The following table shows the raw training time comparison when there is significantly less data used for the Pandas random forest model (50 million rows out of 20 billion per day15 of the dataset). This sample is only using less than 0.25% of all available data. Whereas for Dask-cuML we trained the random forest model on all 20 billion available rows. The two approaches yielded comparable training time.
Approach | Training time |
---|---|
Scikit-learn: Using only 50M rows in day15 as the training data |
47 minutes and 21 seconds |
RAPIDS-Dask: Using all 20B rows in day15 as the training data |
1 hour, 12 minutes, and 11 seconds |
If we interpolate the training time results linearly, as shown in the following table, there is a significant advantage to using distributed training with Dask.
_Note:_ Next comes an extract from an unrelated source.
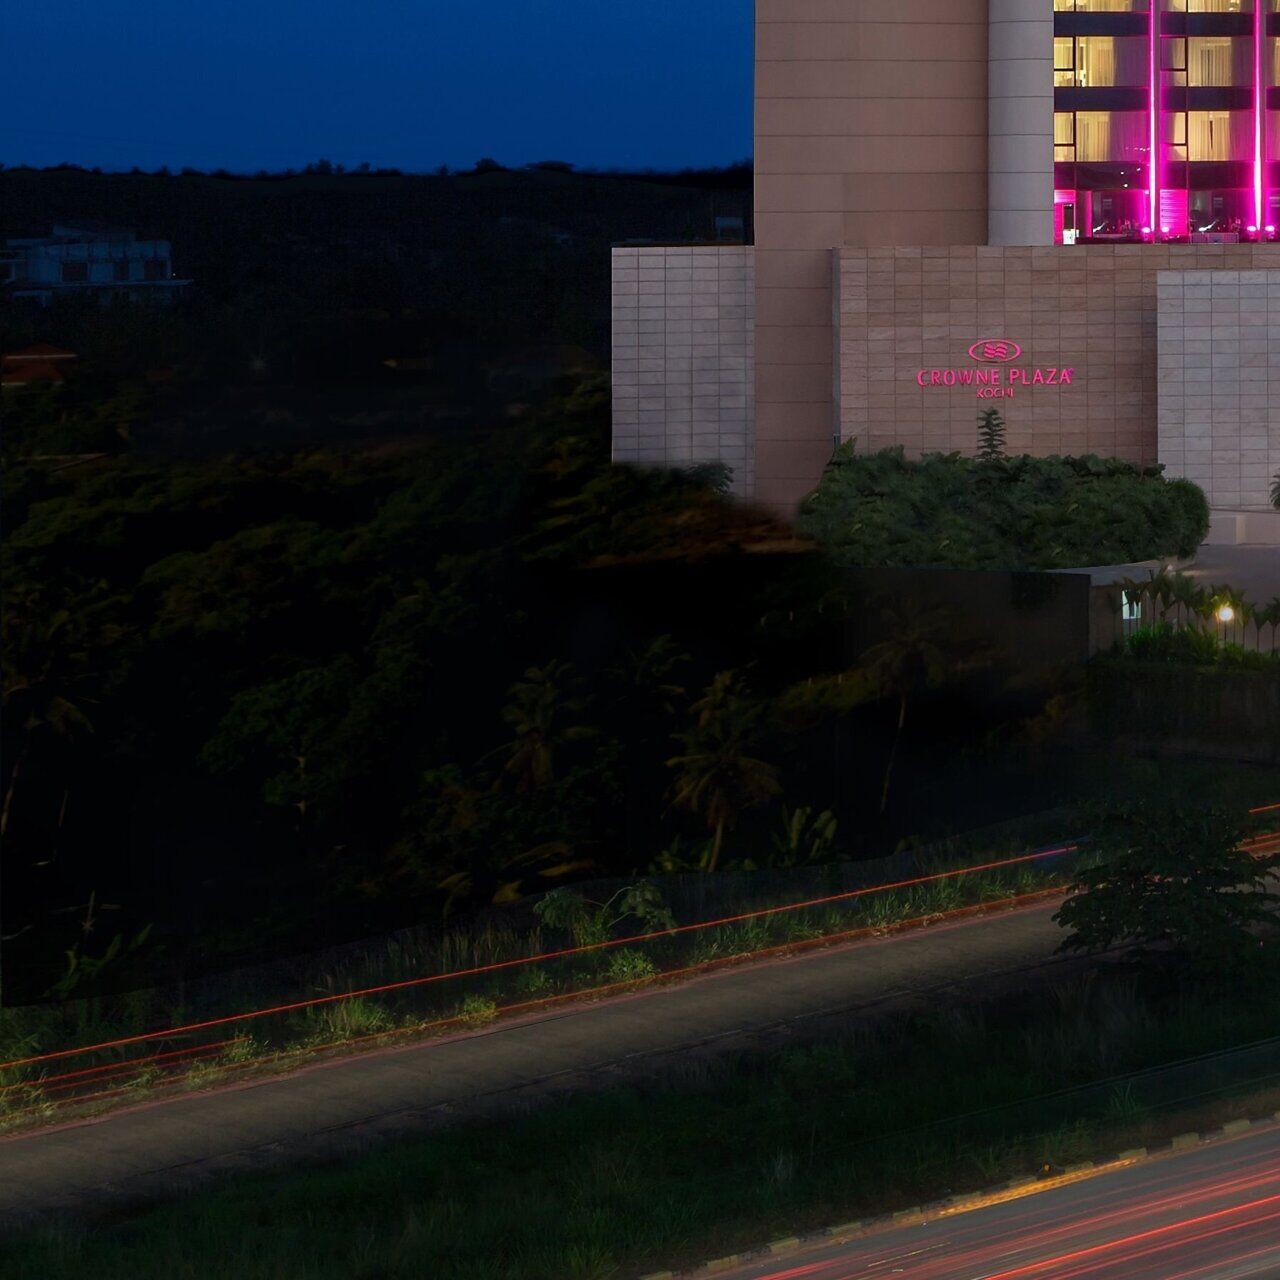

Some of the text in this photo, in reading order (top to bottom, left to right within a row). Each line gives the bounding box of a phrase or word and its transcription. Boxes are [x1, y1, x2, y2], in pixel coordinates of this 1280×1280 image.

[917, 368, 1071, 385] CROWNE PLAZA
[976, 388, 1014, 399] KOCHI
It would take the conventional Pandas scikit-learn approach 13 days to process and train 45GB of data for a single day of click logs, whereas the RAPIDS-Dask approach processes the same amount of data 262.39 times faster.
Approach | Training time |
---|---|
Scikit-learn: Using all 20B rows in day15 as the training data |
13 days, 3 hours, 40 minutes, and 11 seconds |
RAPIDS-Dask: Using all 20B rows in day15 as the training data |
1 hour, 12 minutes, and 11 seconds |
In the previous table, you can see that by using RAPIDS with Dask to distribute the data processing and model training across multiple GPU instances, the run time is significantly shorter compared to conventional Pandas DataFrame processing with scikit-learn model training. This framework enables scaling up and out in the cloud as well as on-premises in a multinode, multi-GPU cluster.